Phylogenetical aspects on islet hormone families: a minireview with particular reference to insulin as a growth factor and to the phylogeny of PYY and NPY immunoreactive cells and nerves in the endocrine and exocrine pancreas.

A common feature in the phylogeny of the four islet hormones (insulin, somatostatin, glucagon, PP) is that they do not seem to occur in the most primitive metazoan animals investigated so far, namely the coelenterates. However, already in the earliest protostomian invertebrates, such as flatworms and annelids, somatostatin and PP immunoreactive nerve fibres were found. In highly developed forms of protostomian invertebrates, such as insects, all the four islet hormones are represented as immunoreactive nerve cells and nerve fibres in the brain.

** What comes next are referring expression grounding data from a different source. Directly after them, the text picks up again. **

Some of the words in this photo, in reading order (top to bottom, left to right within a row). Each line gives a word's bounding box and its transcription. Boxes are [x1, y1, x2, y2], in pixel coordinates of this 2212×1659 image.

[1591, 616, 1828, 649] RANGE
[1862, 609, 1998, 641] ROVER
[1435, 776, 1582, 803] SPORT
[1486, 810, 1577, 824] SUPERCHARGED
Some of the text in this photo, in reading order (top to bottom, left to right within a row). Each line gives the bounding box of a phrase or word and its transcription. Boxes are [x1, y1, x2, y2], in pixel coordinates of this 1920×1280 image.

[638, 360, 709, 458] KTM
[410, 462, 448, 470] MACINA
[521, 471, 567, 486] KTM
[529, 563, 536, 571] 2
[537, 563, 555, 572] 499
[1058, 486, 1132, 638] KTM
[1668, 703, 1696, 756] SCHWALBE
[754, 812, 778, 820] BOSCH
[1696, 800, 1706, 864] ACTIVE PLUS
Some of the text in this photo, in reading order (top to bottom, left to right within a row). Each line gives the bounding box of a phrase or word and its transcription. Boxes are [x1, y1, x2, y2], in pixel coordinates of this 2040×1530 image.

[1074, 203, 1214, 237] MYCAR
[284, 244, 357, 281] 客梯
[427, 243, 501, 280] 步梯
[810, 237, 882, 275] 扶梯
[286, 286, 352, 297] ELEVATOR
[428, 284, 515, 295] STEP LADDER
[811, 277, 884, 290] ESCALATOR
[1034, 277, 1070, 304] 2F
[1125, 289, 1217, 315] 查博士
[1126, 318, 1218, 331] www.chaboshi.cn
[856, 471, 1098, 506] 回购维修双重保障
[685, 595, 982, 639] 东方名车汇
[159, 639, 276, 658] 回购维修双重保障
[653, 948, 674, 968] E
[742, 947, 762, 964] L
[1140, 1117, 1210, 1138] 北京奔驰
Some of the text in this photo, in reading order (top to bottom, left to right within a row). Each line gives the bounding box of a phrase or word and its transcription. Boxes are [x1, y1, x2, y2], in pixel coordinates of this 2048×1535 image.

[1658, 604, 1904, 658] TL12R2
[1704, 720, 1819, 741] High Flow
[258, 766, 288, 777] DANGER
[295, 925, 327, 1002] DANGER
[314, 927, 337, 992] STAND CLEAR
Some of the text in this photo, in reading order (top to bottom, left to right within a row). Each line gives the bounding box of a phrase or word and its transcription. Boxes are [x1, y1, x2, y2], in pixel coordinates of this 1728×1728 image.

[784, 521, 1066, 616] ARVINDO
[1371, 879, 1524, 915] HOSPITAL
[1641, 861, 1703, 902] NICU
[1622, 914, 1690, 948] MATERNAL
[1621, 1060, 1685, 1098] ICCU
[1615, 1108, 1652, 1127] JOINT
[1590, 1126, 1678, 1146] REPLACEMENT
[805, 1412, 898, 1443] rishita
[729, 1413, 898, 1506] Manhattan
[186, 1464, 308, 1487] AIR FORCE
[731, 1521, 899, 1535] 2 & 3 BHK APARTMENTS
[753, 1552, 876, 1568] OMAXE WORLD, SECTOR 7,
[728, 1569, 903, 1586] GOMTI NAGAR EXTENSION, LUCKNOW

In deuterostomian invertebrates a brain-gut-axis has evolved as regards somatostatin and PP, whereas insulin and glucagon now seem to occur exclusively as cells of open type in the gut mucosa. This brain-gut-axis for somatostatin and PP persists in all the vertebrates. The insulin cells, however, leave the gut mucosa already in the earliest forms of vertebrates and then appear only as cells in the islet parenchyma and in the mucosa of the bile duct (Agnatha) or in the pancreatic ducts (Gnathostomi). To some extent, glucagon islet cells evolve in a similar manner; here, however, cells immunoreactive with the precursor hormone, glicentin (enteroglucagon), persist in the gastrointestinal tract mucosa. A few PYY immunoreactive cells have been found in the pancreatic islet parenchyma of reptiles and mammals, often as disseminated cells in the acinar tissue. In the pancreas of these phyla NPY only occurs in neurons and nerve fibres. In pilot studies the effects of hagfish insulin as a growth factor have been compared with those of pig insulin on Swiss 3T3 mouse embryonic fibroblasts.